Peró, non me lo aspettavo.
"Voglio Cooper", ripeto.
Lei si alza, e mi si avvicina elegantemente.
"Le ho già detto che non è possibile vederlo, adesso", insiste.
Un faretto posto all'entrata provvede ad illuminarla, mostrando il suo giovane viso leggermente truccato.
Devo ammettere che è molto affascinante.
"Sa quando posso trovarlo?", chiedo allora, facendo riferimento a Cooper, e iniziando a fissare la punta delle mie scarpe.
Da quando sono cosí interessato ad uno psicologo?
"Immagino che fra poco dovrebbe rientrare", spiega.
Annuisco in silenzio.
Poi alzo lo sguardo, e mi imbatto nei suoi occhi chiari.
Lentamente, con gentilezza, mi focalizzo su quelli che dovrebbero essere i nostri specchi dell'anima.
Dopotutto è questo il pregio di essere come me.
Riesco ad affrontare i riflessi delle persone.

Ma il riflesso di questa donna sembra essere così...malinconico.
Vedo qualcosa brillare, qualcosa di molto acceso.
Qualcosa che luccica accompagnato da una piacevole musica, una colonna sonora di cinguettii e fishi ventosi.
Un'immagine che trasmette serenità, calma.
Infanzia.
E poi, il buio.
Un'esplosione di oscurità improvvisa.
Un ritorno alla realtà.
E un rumore assordante, irriconoscibile, interrotto da parole incomprensibili.
Infine, delle urla.
Immense, strazianti urla.
Urla umane.
Di quelle che ti spaventano.
Il rumore, il buio, le urla, si assimilano infittendosi sempre di piú.
Dolore.
Debolezza.
Tristezza.
Inerzia.
Decadenza.
Oblio.

E ad un tratto, ogni cosa si scaglia violentemente contro di me.

"No!", strillo, scuotendo la testa.
Indietreggio di qualche passo, ansimante, senza curarmi dello sguardo preoccupato formatosi sul viso della giovane.
"Tutto bene?", chiede preoccupata.
Annuisco energicamente.
Non voglio che sappia nulla su ció che ho visto.
Né lei, né nessun altro.
È un male che ci giochiamo io e la mia fottuta mente.
"Tutto bene, soltanto mal di testa", mento, ritornando alla posizione iniziale.
Lei deglutisce, per poi improvvisare un sorriso.
Non provare a mascherare il tuo sttrazio.

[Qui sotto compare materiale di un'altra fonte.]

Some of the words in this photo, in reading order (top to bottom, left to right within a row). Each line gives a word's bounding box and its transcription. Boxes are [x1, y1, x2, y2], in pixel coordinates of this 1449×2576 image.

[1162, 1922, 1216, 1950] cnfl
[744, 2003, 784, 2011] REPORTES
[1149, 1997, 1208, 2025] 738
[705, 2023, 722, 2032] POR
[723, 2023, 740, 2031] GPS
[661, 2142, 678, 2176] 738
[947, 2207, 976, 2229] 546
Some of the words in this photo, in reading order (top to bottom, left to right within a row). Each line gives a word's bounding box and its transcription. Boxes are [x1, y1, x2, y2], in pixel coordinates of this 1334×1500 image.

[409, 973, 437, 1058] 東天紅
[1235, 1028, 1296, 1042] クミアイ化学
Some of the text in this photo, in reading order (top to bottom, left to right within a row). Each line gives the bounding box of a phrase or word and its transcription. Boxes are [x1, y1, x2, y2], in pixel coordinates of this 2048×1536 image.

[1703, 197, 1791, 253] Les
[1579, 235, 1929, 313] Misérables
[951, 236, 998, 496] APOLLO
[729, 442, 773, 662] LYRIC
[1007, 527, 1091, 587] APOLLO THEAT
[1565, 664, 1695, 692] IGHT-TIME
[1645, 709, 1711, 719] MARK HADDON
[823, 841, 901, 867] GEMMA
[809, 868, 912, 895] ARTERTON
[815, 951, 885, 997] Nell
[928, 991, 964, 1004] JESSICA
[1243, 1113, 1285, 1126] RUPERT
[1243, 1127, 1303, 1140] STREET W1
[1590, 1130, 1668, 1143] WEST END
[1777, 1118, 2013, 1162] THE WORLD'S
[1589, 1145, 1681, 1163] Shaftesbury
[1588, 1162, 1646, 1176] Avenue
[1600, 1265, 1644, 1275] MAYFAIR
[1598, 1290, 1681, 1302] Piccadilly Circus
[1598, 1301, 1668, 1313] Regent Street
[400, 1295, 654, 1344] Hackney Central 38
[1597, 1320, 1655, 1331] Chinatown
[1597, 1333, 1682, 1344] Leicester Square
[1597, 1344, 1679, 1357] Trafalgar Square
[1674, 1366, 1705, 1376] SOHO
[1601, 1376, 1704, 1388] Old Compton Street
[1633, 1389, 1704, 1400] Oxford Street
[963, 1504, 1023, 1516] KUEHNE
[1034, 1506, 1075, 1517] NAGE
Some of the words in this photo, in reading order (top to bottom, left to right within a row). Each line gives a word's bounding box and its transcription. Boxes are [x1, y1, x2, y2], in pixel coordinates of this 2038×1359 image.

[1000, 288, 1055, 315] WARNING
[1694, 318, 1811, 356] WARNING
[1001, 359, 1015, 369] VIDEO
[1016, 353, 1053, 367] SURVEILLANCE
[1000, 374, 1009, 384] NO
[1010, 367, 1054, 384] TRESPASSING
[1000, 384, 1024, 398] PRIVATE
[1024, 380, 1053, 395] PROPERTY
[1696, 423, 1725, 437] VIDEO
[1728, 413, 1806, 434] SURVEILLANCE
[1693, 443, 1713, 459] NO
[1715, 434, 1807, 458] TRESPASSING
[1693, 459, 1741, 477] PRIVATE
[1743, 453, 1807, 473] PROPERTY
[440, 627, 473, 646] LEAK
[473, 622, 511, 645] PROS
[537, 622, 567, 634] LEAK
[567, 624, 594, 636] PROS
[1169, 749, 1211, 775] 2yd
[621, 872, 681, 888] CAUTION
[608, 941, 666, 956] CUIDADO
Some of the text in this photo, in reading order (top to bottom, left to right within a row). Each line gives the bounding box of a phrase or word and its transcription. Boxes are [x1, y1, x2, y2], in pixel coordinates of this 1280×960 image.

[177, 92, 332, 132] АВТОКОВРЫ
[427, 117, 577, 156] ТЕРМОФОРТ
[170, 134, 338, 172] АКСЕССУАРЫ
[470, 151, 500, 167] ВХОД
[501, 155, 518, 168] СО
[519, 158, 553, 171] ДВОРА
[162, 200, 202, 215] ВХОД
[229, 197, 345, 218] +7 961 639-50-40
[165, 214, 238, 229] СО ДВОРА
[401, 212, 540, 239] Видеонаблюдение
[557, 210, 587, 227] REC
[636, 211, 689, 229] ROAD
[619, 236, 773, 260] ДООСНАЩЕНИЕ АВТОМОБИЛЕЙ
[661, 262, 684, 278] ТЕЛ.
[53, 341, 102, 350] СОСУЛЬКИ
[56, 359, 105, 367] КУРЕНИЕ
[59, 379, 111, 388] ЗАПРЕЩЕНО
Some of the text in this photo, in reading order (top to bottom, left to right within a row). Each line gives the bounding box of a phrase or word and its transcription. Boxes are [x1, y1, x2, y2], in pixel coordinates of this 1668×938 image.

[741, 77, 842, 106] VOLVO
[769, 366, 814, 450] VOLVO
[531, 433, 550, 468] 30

"Mi chiamo Jennifer", lentamente, una sottile e pallida mano si tende verso di me.
Senza esitare, la stringo.
"Gerard", dico.
Accidenti, quante volte mi sono presentato nel giro di così pochi giorni?
"Sei un paziente di mio padre?", indaga Jennifer.
Mi affretto a scuotere il capo.
"Assolutamente no", farfuglio in difesa.
E lei sorride di nuovo.
Sempre piú falsa.
"Allora, Gerard, quanti anni hai?", esclama.
"Cosa?", domando irritato.
Per quale motivo tutti vogliono sapere la mia età? L'etá è una cosa PERSONALE.
"Quanti anni hai?", ripete.
"Non le deve importare", ringhio sghignazzando.
"Va bene. Io ne ho ventisette", sussurra lei avvicinandosi a me.
Faccio spallucce, ed entro definitivamente nello studio.
Di fronte a me si materializzano una scrivania in legno e un'enorme libreria di ferro battuto.
Le pareti che ci circondano sono state dipinte seguendo diverse fantasie, alcune tendenti a quadri orientali, o roba simile.
Il soffitto sembra inesistente, scuro come la notte, trasparente come l'anima.
La flebile luce che illumina parzialmente la stanza deriva da una minuscola lampada a muro posta infondo.
Cose che soltanto uno come Cooper avrebbe potuto mettere in uno studio.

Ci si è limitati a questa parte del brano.